Explanation: **Explanation:** The **'Egg on side' (or Egg-on-a-string) appearance** is the classic radiological hallmark of **Transposition of the Great Arteries (TGA)**, not coarctation of the aorta. It occurs due to a narrow mediastinum (caused by the anteroposterior relationship of the great vessels and thymic atrophy) and a globular, enlarged heart. **Analysis of other options:** * **Rib Notching (Roesler’s Sign):** This is a classic sign of post-ductal coarctation. It occurs due to pressure erosion of the inferior margins of the 3rd to 8th ribs by dilated, tortuous intercostal arteries acting as collateral pathways. * **'E' Sign (or Figure-of-3 Sign):** On a Barium swallow, the esophagus shows an **'E' indentation** due to the pre-stenotic dilation, the site of coarctation, and the post-stenotic dilation. On a plain Chest X-ray, the contour of the aorta itself resembles a **'3'**. * **Normal shaped heart:** In many cases of coarctation, the heart size remains normal for a long period because the left ventricular hypertrophy (LVH) is concentric.
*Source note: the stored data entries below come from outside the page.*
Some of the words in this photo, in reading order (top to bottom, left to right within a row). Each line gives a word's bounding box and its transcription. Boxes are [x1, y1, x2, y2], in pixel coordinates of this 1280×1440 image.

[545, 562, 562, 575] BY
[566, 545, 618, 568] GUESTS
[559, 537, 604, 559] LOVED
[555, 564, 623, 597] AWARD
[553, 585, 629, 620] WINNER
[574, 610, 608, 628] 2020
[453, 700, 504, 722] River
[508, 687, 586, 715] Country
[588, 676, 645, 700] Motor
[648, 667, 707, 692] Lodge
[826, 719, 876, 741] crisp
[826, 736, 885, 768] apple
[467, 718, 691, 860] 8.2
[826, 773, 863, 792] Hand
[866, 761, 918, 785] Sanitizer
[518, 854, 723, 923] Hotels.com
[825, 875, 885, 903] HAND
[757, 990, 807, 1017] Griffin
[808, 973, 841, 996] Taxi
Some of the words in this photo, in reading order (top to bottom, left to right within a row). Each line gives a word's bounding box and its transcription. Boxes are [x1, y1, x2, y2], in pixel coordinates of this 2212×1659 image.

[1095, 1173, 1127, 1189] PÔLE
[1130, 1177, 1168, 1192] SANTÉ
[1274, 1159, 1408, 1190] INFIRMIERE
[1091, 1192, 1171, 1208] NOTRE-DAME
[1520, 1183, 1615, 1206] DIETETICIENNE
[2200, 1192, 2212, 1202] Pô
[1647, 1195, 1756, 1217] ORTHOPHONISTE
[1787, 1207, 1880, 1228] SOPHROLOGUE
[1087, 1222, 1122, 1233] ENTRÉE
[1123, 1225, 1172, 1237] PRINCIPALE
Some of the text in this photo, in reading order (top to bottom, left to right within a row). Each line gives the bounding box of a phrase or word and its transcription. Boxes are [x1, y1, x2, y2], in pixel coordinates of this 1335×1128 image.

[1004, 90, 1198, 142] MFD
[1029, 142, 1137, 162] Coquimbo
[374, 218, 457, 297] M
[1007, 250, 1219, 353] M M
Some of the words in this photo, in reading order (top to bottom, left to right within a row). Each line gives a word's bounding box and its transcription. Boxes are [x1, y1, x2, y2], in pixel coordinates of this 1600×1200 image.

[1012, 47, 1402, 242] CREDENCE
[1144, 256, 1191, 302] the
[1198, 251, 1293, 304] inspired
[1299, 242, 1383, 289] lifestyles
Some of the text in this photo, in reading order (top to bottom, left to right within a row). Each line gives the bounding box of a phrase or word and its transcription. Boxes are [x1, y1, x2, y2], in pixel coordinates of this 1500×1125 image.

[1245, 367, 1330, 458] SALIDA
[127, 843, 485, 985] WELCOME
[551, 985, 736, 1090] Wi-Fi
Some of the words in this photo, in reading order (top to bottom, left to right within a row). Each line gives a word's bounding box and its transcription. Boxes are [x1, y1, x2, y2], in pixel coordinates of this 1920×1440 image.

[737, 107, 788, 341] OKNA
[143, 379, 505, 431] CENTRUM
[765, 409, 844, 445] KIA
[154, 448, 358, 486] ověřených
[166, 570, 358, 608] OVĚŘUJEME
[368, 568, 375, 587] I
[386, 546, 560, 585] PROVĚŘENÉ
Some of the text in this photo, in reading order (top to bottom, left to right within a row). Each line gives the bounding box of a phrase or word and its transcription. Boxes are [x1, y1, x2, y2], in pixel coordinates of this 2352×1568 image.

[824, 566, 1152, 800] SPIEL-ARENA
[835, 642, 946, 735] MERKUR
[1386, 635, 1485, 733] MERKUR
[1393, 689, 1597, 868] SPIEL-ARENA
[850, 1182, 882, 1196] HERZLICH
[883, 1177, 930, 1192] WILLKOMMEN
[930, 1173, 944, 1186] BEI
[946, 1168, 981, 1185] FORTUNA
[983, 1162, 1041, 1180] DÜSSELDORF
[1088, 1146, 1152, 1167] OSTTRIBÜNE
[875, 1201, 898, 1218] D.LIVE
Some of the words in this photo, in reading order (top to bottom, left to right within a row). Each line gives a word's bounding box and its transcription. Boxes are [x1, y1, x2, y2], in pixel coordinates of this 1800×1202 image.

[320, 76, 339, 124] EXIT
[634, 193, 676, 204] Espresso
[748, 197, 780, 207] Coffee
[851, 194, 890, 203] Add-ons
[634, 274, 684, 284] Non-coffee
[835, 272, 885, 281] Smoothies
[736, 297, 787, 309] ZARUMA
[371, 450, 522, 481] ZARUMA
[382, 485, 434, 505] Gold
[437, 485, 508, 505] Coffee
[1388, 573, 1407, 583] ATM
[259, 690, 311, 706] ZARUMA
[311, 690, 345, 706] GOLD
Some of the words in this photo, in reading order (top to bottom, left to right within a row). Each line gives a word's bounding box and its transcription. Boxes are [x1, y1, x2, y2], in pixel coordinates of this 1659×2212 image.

Cardiomegaly only develops once heart failure ensues. **High-Yield Clinical Pearls for NEET-PG:** * **Rib Notching:** Usually involves the **3rd to 8th ribs**. It spares the 1st and 2nd ribs because their intercostal arteries arise from the costocervical trunk, not the aorta distal to the coarctation. * **Association:** Coarctation is strongly associated with **Bicuspid Aortic Valve** (most common) and **Turner Syndrome**. * **Physical Exam:** Look for **radio-femoral delay** and a blood pressure discrepancy between upper and lower limbs.